Provided entries

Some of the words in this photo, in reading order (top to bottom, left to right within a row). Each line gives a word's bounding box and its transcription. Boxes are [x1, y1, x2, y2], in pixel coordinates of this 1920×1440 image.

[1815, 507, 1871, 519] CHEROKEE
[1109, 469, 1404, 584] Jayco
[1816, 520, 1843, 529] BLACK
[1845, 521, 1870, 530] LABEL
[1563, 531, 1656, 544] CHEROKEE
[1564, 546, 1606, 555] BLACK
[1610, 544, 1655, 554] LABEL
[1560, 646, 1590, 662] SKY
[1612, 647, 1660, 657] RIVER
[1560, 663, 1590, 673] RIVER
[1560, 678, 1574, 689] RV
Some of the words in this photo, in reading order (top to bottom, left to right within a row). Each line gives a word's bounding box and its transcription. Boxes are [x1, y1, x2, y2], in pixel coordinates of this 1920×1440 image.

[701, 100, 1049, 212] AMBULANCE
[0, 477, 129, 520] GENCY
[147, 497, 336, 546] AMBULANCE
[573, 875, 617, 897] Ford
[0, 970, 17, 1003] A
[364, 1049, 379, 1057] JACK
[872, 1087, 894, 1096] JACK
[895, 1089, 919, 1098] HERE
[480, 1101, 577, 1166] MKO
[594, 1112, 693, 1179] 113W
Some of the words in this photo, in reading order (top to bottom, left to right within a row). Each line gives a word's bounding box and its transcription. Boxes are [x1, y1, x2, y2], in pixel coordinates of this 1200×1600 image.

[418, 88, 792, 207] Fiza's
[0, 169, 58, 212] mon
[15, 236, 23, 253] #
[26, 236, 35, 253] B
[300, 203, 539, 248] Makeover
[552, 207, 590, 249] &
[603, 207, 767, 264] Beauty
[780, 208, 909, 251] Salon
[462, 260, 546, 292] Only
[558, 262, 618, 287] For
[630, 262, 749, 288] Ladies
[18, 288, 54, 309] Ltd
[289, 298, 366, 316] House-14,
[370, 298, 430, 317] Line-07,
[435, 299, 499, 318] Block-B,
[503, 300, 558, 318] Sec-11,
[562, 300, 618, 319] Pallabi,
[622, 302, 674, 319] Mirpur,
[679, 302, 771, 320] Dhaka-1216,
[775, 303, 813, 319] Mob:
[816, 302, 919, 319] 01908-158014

Description of the task
Set every record down again exactly as written.

Response
Some of the words in this photo, in reading order (top to bottom, left to right within a row). Each line gives a word's bounding box and its transcription. Boxes are [x1, y1, x2, y2], in pixel coordinates of this 1920×1440 image.

[1815, 507, 1871, 519] CHEROKEE
[1109, 469, 1404, 584] Jayco
[1816, 520, 1843, 529] BLACK
[1845, 521, 1870, 530] LABEL
[1563, 531, 1656, 544] CHEROKEE
[1564, 546, 1606, 555] BLACK
[1610, 544, 1655, 554] LABEL
[1560, 646, 1590, 662] SKY
[1612, 647, 1660, 657] RIVER
[1560, 663, 1590, 673] RIVER
[1560, 678, 1574, 689] RV
Some of the words in this photo, in reading order (top to bottom, left to right within a row). Each line gives a word's bounding box and its transcription. Boxes are [x1, y1, x2, y2], in pixel coordinates of this 1920×1440 image.

[701, 100, 1049, 212] AMBULANCE
[0, 477, 129, 520] GENCY
[147, 497, 336, 546] AMBULANCE
[573, 875, 617, 897] Ford
[0, 970, 17, 1003] A
[364, 1049, 379, 1057] JACK
[872, 1087, 894, 1096] JACK
[895, 1089, 919, 1098] HERE
[480, 1101, 577, 1166] MKO
[594, 1112, 693, 1179] 113W
Some of the words in this photo, in reading order (top to bottom, left to right within a row). Each line gives a word's bounding box and its transcription. Boxes are [x1, y1, x2, y2], in pixel coordinates of this 1200×1600 image.

[418, 88, 792, 207] Fiza's
[0, 169, 58, 212] mon
[15, 236, 23, 253] #
[26, 236, 35, 253] B
[300, 203, 539, 248] Makeover
[552, 207, 590, 249] &
[603, 207, 767, 264] Beauty
[780, 208, 909, 251] Salon
[462, 260, 546, 292] Only
[558, 262, 618, 287] For
[630, 262, 749, 288] Ladies
[18, 288, 54, 309] Ltd
[289, 298, 366, 316] House-14,
[370, 298, 430, 317] Line-07,
[435, 299, 499, 318] Block-B,
[503, 300, 558, 318] Sec-11,
[562, 300, 618, 319] Pallabi,
[622, 302, 674, 319] Mirpur,
[679, 302, 771, 320] Dhaka-1216,
[775, 303, 813, 319] Mob:
[816, 302, 919, 319] 01908-158014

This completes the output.